## YOUR OBJECTIVE
Nothing other than an exact copy of the records should be returned.
Start of SUPPLIED MATERIAL
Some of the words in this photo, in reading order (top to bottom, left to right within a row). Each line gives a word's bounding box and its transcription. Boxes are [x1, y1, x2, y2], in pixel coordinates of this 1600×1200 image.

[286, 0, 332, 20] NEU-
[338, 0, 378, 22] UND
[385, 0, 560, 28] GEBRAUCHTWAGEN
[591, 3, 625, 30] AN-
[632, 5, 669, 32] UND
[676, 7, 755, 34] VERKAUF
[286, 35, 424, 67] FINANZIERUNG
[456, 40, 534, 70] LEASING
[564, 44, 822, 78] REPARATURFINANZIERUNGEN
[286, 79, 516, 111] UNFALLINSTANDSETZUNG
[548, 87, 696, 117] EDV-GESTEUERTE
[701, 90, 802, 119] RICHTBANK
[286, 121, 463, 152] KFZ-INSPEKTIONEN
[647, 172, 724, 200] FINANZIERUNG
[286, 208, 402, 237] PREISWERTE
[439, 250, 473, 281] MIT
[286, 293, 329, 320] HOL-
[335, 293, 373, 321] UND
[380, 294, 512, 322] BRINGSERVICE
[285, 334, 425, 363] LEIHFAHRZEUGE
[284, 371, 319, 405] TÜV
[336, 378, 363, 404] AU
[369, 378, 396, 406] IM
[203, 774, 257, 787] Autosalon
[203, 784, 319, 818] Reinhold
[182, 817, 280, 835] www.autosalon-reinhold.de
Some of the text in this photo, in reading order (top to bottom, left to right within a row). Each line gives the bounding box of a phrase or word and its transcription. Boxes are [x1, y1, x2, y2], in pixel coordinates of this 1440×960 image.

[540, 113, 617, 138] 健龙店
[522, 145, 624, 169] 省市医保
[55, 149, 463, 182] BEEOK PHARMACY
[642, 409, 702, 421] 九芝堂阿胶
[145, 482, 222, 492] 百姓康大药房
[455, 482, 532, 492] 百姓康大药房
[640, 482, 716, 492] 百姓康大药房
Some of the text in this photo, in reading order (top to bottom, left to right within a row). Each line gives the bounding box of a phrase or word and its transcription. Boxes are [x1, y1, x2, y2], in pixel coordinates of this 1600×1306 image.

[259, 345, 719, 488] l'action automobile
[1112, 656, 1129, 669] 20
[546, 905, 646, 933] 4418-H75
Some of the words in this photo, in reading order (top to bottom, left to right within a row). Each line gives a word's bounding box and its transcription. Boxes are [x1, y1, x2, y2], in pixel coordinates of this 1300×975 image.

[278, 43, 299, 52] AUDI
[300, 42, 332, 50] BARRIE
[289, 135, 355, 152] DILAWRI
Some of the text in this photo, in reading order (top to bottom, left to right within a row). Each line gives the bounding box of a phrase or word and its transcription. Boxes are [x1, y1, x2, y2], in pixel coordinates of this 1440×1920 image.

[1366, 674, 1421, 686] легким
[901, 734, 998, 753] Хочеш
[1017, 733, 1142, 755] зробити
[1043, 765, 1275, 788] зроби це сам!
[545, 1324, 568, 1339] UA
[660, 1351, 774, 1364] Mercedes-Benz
End of SUPPLIED MATERIAL
## ANSWER TO THIS PROBLEM
Some of the words in this photo, in reading order (top to bottom, left to right within a row). Each line gives a word's bounding box and its transcription. Boxes are [x1, y1, x2, y2], in pixel coordinates of this 1600×1200 image.

[286, 0, 332, 20] NEU-
[338, 0, 378, 22] UND
[385, 0, 560, 28] GEBRAUCHTWAGEN
[591, 3, 625, 30] AN-
[632, 5, 669, 32] UND
[676, 7, 755, 34] VERKAUF
[286, 35, 424, 67] FINANZIERUNG
[456, 40, 534, 70] LEASING
[564, 44, 822, 78] REPARATURFINANZIERUNGEN
[286, 79, 516, 111] UNFALLINSTANDSETZUNG
[548, 87, 696, 117] EDV-GESTEUERTE
[701, 90, 802, 119] RICHTBANK
[286, 121, 463, 152] KFZ-INSPEKTIONEN
[647, 172, 724, 200] FINANZIERUNG
[286, 208, 402, 237] PREISWERTE
[439, 250, 473, 281] MIT
[286, 293, 329, 320] HOL-
[335, 293, 373, 321] UND
[380, 294, 512, 322] BRINGSERVICE
[285, 334, 425, 363] LEIHFAHRZEUGE
[284, 371, 319, 405] TÜV
[336, 378, 363, 404] AU
[369, 378, 396, 406] IM
[203, 774, 257, 787] Autosalon
[203, 784, 319, 818] Reinhold
[182, 817, 280, 835] www.autosalon-reinhold.de
Some of the text in this photo, in reading order (top to bottom, left to right within a row). Each line gives the bounding box of a phrase or word and its transcription. Boxes are [x1, y1, x2, y2], in pixel coordinates of this 1440×960 image.

[540, 113, 617, 138] 健龙店
[522, 145, 624, 169] 省市医保
[55, 149, 463, 182] BEEOK PHARMACY
[642, 409, 702, 421] 九芝堂阿胶
[145, 482, 222, 492] 百姓康大药房
[455, 482, 532, 492] 百姓康大药房
[640, 482, 716, 492] 百姓康大药房
Some of the text in this photo, in reading order (top to bottom, left to right within a row). Each line gives the bounding box of a phrase or word and its transcription. Boxes are [x1, y1, x2, y2], in pixel coordinates of this 1600×1306 image.

[259, 345, 719, 488] l'action automobile
[1112, 656, 1129, 669] 20
[546, 905, 646, 933] 4418-H75
Some of the words in this photo, in reading order (top to bottom, left to right within a row). Each line gives a word's bounding box and its transcription. Boxes are [x1, y1, x2, y2], in pixel coordinates of this 1300×975 image.

[278, 43, 299, 52] AUDI
[300, 42, 332, 50] BARRIE
[289, 135, 355, 152] DILAWRI
Some of the text in this photo, in reading order (top to bottom, left to right within a row). Each line gives the bounding box of a phrase or word and its transcription. Boxes are [x1, y1, x2, y2], in pixel coordinates of this 1440×1920 image.

[1366, 674, 1421, 686] легким
[901, 734, 998, 753] Хочеш
[1017, 733, 1142, 755] зробити
[1043, 765, 1275, 788] зроби це сам!
[545, 1324, 568, 1339] UA
[660, 1351, 774, 1364] Mercedes-Benz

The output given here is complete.